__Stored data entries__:

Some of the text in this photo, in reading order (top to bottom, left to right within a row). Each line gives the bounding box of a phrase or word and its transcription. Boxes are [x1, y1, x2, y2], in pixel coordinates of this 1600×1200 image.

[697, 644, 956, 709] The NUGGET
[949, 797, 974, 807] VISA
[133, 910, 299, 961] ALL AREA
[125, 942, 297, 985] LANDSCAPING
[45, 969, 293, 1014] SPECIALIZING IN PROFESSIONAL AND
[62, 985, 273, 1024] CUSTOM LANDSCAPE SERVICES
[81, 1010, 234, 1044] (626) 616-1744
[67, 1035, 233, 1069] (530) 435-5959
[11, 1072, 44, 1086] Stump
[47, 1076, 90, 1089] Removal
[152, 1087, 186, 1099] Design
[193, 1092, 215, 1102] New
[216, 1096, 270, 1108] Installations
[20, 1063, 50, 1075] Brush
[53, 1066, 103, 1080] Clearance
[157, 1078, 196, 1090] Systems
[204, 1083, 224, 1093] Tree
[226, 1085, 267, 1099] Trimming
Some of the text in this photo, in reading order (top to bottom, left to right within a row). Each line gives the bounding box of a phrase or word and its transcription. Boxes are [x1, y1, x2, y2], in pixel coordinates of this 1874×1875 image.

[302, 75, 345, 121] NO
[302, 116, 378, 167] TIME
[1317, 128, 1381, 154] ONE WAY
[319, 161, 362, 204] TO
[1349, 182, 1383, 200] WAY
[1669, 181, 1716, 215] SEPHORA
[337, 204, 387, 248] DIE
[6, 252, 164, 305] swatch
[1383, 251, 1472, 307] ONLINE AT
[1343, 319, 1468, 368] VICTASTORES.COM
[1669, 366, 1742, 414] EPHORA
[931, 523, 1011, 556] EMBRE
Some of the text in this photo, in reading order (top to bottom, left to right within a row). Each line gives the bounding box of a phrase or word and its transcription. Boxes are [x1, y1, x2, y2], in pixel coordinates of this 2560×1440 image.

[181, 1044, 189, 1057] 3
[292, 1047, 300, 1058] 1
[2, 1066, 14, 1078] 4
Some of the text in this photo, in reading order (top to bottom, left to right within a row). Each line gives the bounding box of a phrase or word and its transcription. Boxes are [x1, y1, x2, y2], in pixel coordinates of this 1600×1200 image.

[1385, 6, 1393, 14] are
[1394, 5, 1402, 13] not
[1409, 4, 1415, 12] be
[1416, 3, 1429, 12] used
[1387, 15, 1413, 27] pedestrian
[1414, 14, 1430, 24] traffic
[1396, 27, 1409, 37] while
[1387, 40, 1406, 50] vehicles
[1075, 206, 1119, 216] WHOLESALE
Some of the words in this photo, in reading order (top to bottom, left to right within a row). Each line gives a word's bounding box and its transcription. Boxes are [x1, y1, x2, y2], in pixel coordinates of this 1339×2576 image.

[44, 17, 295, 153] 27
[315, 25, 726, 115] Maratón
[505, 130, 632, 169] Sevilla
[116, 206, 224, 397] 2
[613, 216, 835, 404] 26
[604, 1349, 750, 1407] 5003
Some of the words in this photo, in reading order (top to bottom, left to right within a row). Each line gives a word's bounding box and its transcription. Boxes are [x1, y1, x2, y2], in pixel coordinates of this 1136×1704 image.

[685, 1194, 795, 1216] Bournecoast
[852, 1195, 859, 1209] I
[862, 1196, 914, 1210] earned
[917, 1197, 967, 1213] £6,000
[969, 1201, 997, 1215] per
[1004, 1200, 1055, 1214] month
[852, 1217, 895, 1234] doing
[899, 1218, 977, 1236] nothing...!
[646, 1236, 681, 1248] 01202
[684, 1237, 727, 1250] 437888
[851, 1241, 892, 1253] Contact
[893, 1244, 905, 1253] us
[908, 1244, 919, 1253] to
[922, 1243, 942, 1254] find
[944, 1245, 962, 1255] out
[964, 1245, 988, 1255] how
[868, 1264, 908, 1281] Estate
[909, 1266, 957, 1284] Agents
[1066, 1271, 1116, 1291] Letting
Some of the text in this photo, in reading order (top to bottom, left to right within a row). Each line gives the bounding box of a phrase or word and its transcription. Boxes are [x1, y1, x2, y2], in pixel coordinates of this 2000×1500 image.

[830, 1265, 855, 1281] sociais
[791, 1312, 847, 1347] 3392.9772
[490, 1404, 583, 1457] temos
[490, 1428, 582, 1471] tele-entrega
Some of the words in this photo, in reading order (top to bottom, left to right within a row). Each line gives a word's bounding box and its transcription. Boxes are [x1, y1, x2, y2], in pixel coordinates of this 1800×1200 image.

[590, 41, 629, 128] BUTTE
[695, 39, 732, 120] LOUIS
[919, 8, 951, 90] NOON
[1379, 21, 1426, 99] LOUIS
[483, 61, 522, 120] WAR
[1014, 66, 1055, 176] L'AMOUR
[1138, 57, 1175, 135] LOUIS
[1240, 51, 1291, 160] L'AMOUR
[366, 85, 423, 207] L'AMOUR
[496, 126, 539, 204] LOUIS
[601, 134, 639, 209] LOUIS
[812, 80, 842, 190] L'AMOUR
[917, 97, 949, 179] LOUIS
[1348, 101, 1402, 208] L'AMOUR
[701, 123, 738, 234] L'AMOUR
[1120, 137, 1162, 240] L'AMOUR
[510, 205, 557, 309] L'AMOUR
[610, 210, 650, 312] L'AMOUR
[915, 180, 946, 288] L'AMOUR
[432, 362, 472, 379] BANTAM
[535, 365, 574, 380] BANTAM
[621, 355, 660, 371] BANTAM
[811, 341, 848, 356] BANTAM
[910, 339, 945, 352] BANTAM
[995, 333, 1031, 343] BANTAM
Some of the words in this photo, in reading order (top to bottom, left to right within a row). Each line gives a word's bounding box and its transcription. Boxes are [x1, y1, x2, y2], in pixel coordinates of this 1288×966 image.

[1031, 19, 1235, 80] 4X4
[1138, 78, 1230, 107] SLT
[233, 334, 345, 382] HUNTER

__What this task involves__:
From the line containing "this 1288×966 image." to the final line of the entries, print every line exactly and nothing else.

__Result__:
Some of the words in this photo, in reading order (top to bottom, left to right within a row). Each line gives a word's bounding box and its transcription. Boxes are [x1, y1, x2, y2], in pixel coordinates of this 1288×966 image.

[1031, 19, 1235, 80] 4X4
[1138, 78, 1230, 107] SLT
[233, 334, 345, 382] HUNTER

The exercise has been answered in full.